1.Decide what time you will allocate to your working day (start and finish times) and how long you will take for lunch. Stick to these times at least once a week to begin with, and plan to increase this to two days, three days etc – commit to this for a period of one month, and see what difference it makes. You may still have to be flexible, but it should be a conscious choice to work late for exceptional reasons, rather than just a habit you fall into. Give yourself a reason to finish on time at least once a week, like taking up a class, or meeting up with friends etc.
For the last 10 minutes of your working day, write down the tasks you need to do tomorrow or this week – and prioritise them according to urgency and importance. This will help clear your mind before you go home. If you have a lot of other “non-work” things, make another list for those, and use the same approach.
Get back in control of technology. Switch off your phone after work, or put it on silent. Put your computer on mute (or switch it off) so you won’t hear it beep. If you have Blackberry or similar, see if you can switch off emails out of office hours. Allocate a time each day to check your personal emails or social networks – valuable time can slip away doing very little!

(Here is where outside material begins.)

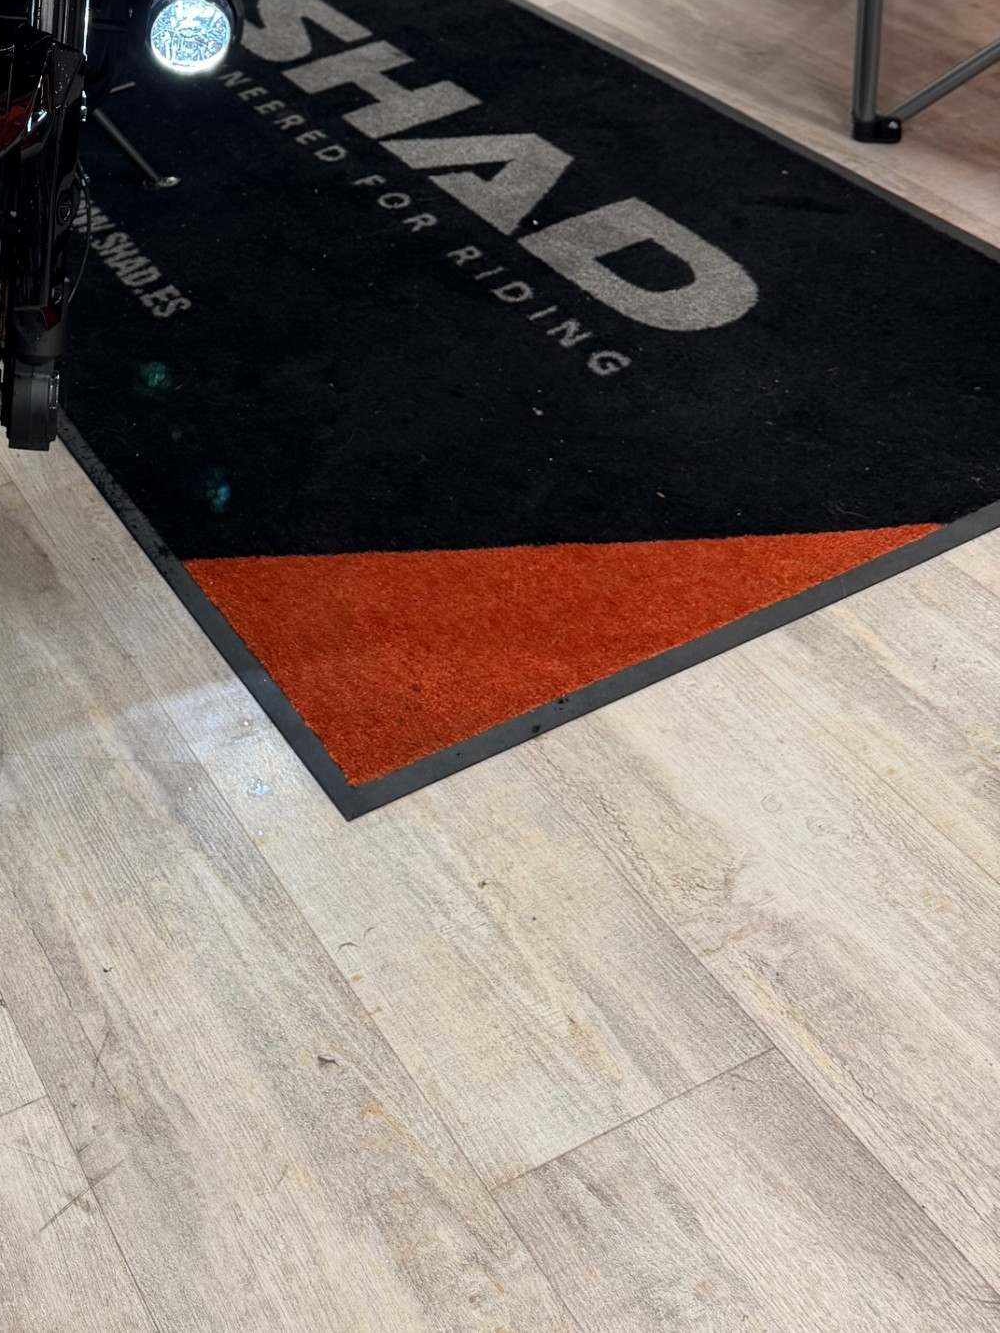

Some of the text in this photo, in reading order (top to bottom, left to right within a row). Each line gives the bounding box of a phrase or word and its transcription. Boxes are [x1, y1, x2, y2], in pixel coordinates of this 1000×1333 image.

Remind yourself to be fully present no matter what you’re doing, whether its work or leisure time. If you get distracted by other worries, bring yourself back to the moment. Look at your hands, bring them together, feel the sensation of touch, notice your skin, nails and so on – our “head tiredness” comes from being “in the head” constantly during the day, when we need to regularly check in with our body too and remind ourselves to be fully present. Breathe deeply, and focus on your breath for 60 seconds to bring you into the now!
Relaxing classes like yoga, pilates, tai chi etc are all very helpful, not just for physical benefits, but helping you learn to relax and manage your thoughts. If you find it difficult to get to a class, use DVDs, or there are plenty of free tutorials online e.g. YouTube help you learn how to switch off – it does get easier with practice. Don’t knock it til you’ve tried it!
Indulge your passions, eg if it’s writing you love, what can you write, where will you write, eg blog, magazine book etc. Activities you are passionate about will recharge your batteries rather than discharge them.
Go for a walk even for just ten or twenty minutes a day, perhaps at lunch time; spend a few minutes noticing every detail around you, the cracks in the paving, weeds, sounds, smells. Notice how things seem to slow down when you do this…
Worrying won’t help you, so decide that you will put off worrying until tomorrow! If worries keep you awake at night, consider writing a “worry log” in the early evening (not immediately before bed), to help clear your mind – then try some relaxation exercises (see #9). You can use shorthand or code if you are concerned that someone else will see it. It may be sufficient to just write them down, or you can analyse why you’re worrying, what your worst fear is, what triggers the worry, what is the likelihood of this happening – rate your “worry index” and see what actions you can take to reduce or manage your response to it.
Try using relaxation or visualisation CDs to help you relax – there are also plenty of these available free online, or as podcasts.
Write down one personal goal that you’d like to achieve each month, or perhaps one per quarter – we are used to setting goals in a work environment, but don’t often push ourselves personally as we feel too tired; maybe you’ll run a 5k race, paint a picture, learn a new instrument, join a class, participate in a charity event…. you’ll be surprised what new doors open for you when you open the first one!